ASSANGE CASE BACKGROUND
Today’s column summarizes the latest developments in a case that the Justice Integrity Project has covered closely for years, including with major scoops in late 2010 and early 2011 re-reported internationally.
These showed, among other things, that U.S. Republican strategist Karl Rove (shown below in a Bush White House photo) included among his consultant clients Sweden’s governing Moderate Party (a confusing name since it is the country’s leading conservative party). Also, Rove urged in 2010 on Fox News that Assange be executed for his Wikileaks leadership.

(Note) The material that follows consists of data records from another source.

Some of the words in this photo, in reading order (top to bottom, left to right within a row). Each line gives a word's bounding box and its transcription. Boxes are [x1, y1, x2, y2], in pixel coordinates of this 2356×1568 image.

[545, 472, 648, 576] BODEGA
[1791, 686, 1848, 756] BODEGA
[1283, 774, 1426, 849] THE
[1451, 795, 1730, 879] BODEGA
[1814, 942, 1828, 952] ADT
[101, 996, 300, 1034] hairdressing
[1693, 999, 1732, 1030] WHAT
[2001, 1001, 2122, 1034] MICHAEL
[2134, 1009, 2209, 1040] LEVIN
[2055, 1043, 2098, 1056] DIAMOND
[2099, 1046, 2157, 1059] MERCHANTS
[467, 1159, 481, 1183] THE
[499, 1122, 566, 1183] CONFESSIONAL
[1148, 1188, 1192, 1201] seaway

Another of reports was Partner at Firm Counseling Assange’s Accusers Helped the CIA In Rendition for Torture. It revealed that Thomas Bodström, a former Justice Minister and name partner in the law firm that has used the two women to level sexual misconduct allegations against Assange, had previously cooperated with the CIA when he was Sweden’s top justice official to send at the CIA’s request an asylum seeker from Sweden to Egypt, where the man was tortured by Egyptian authorities. Bodström later moved to the United States and wrote spy thrillers.

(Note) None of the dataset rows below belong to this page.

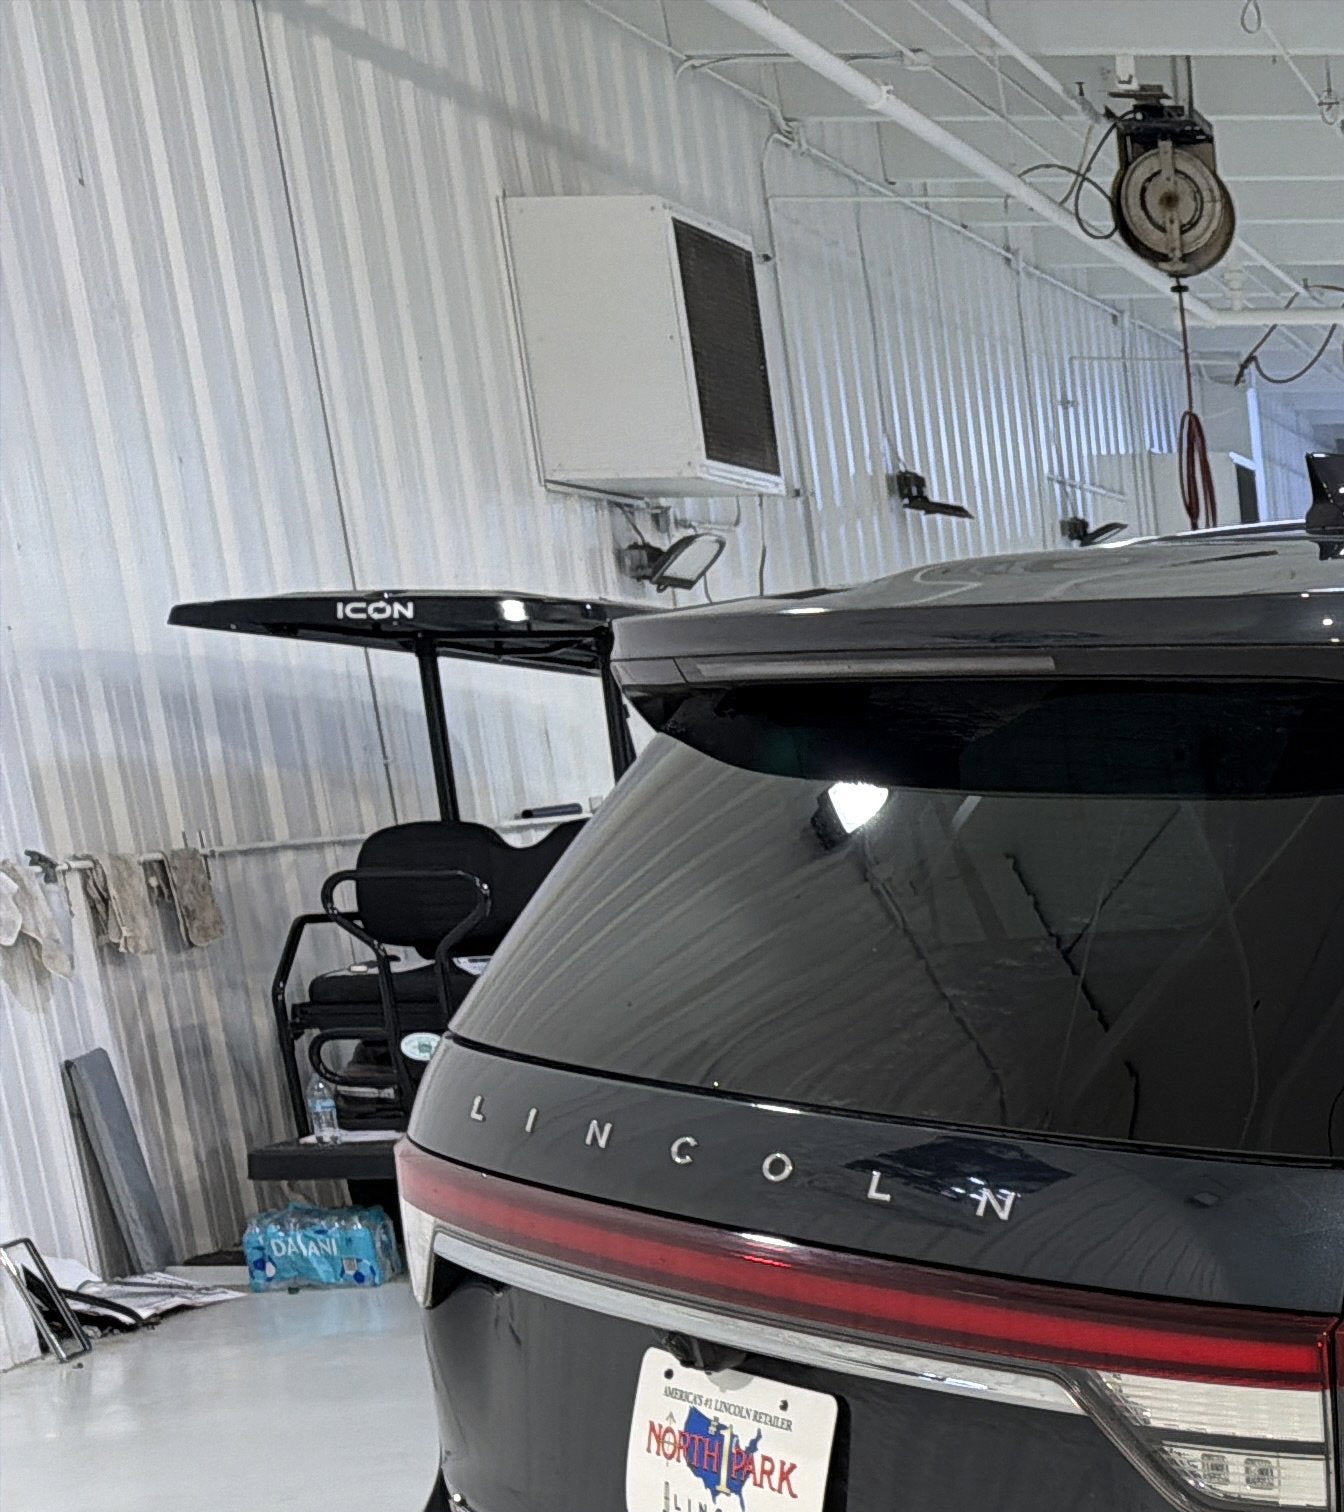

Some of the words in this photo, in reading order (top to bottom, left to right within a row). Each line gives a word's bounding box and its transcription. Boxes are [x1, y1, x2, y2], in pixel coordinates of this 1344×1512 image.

[336, 601, 414, 620] ICON
[469, 1095, 1018, 1221] LINCOLN
[714, 1399, 752, 1420] LINCOLN
[752, 1409, 793, 1432] RETAILER
[646, 1420, 721, 1474] NORTH
[730, 1447, 799, 1499] PARK
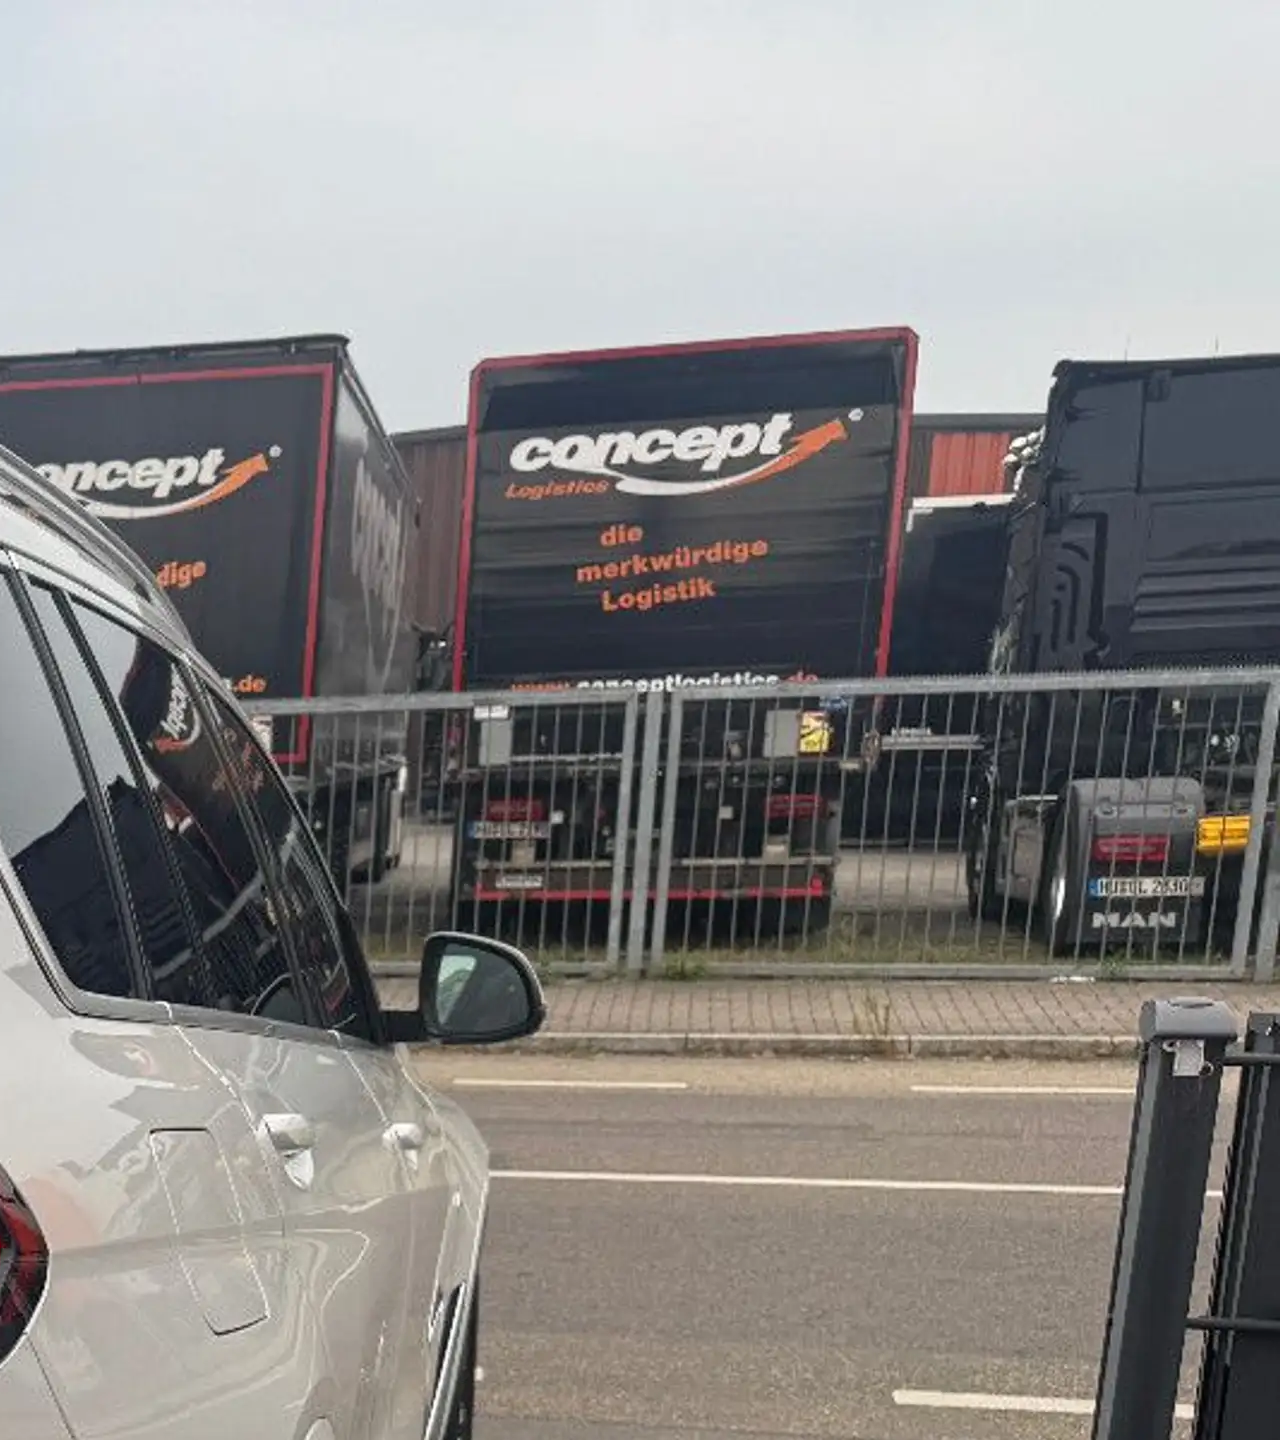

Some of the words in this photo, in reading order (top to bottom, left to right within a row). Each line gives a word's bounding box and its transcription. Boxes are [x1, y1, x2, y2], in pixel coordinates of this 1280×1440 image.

[510, 413, 792, 472] concept
[37, 448, 224, 498] oncept
[505, 480, 609, 500] Logistics
[600, 524, 643, 546] die
[576, 539, 768, 583] merkwürdige
[601, 577, 716, 612] Logistik
[1092, 911, 1177, 928] MAN

In future columns soon, we shall explore for the first time here the suspicious history of the two female accusers against Assange. Others, including noted American feminist Naomi Wolf, for years have described Sweden’s relentless investigation as highly unusual for activities that began as consensual sex.

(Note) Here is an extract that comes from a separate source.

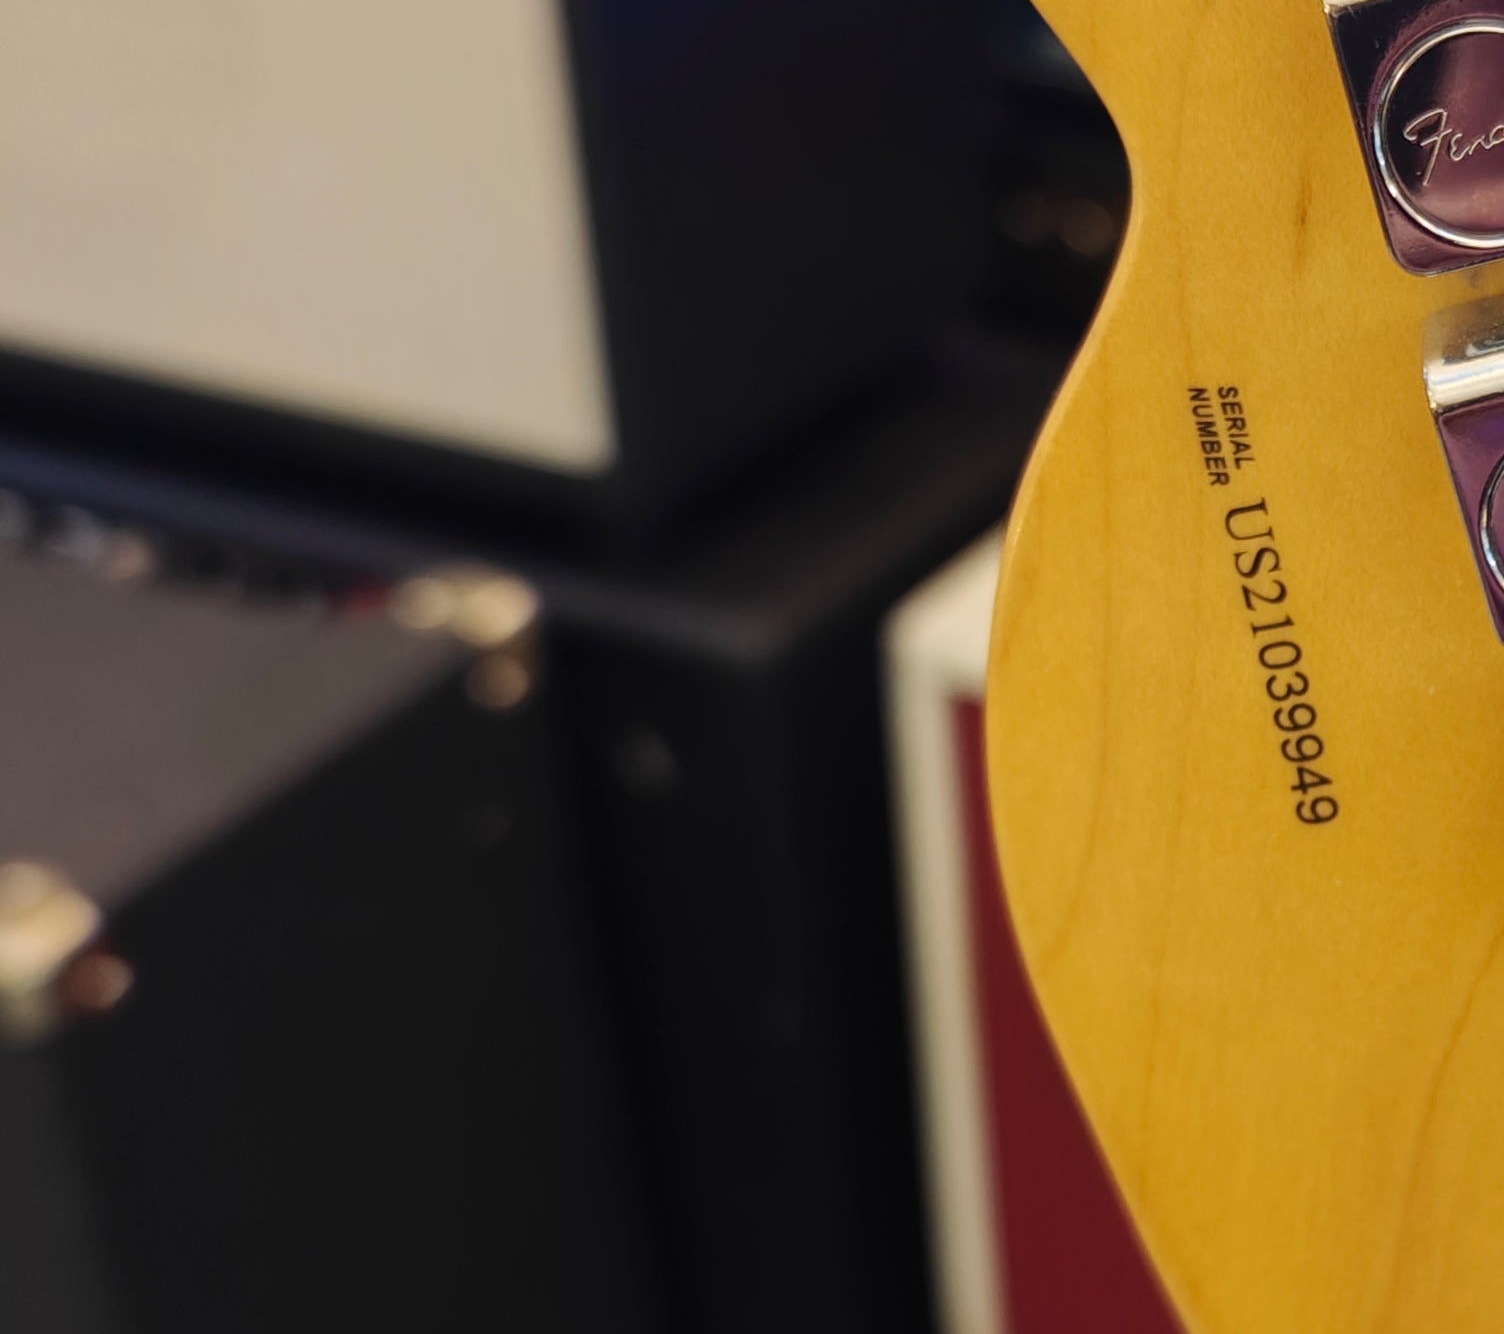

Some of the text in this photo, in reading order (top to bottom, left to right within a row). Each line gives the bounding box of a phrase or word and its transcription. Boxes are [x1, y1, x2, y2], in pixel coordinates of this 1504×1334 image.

[1187, 387, 1229, 487] NUMBER
[1217, 386, 1256, 469] SERIAL
[1224, 496, 1340, 827] US21039949

Also, we shall explore new disclosures by Wikileaks showing that the State Department under then Secretary Hillary Clinton worked secretly with Google to overthrow Syria’s government, as reported in a column March 19, Clinton email reveals: Google sought overthrow of Syria’s Assad.
The more general background of the recent disclosures includes mention of Sweden’s history of neutrality, including during World War II, as well as its more recent reputation for sinister activities fostered by the assassination of Prime Minister Olof Palme and the sensational literary and film success of the characters created by the late novelist Stieg Larsson in the Millennium Trilogy of crime novels.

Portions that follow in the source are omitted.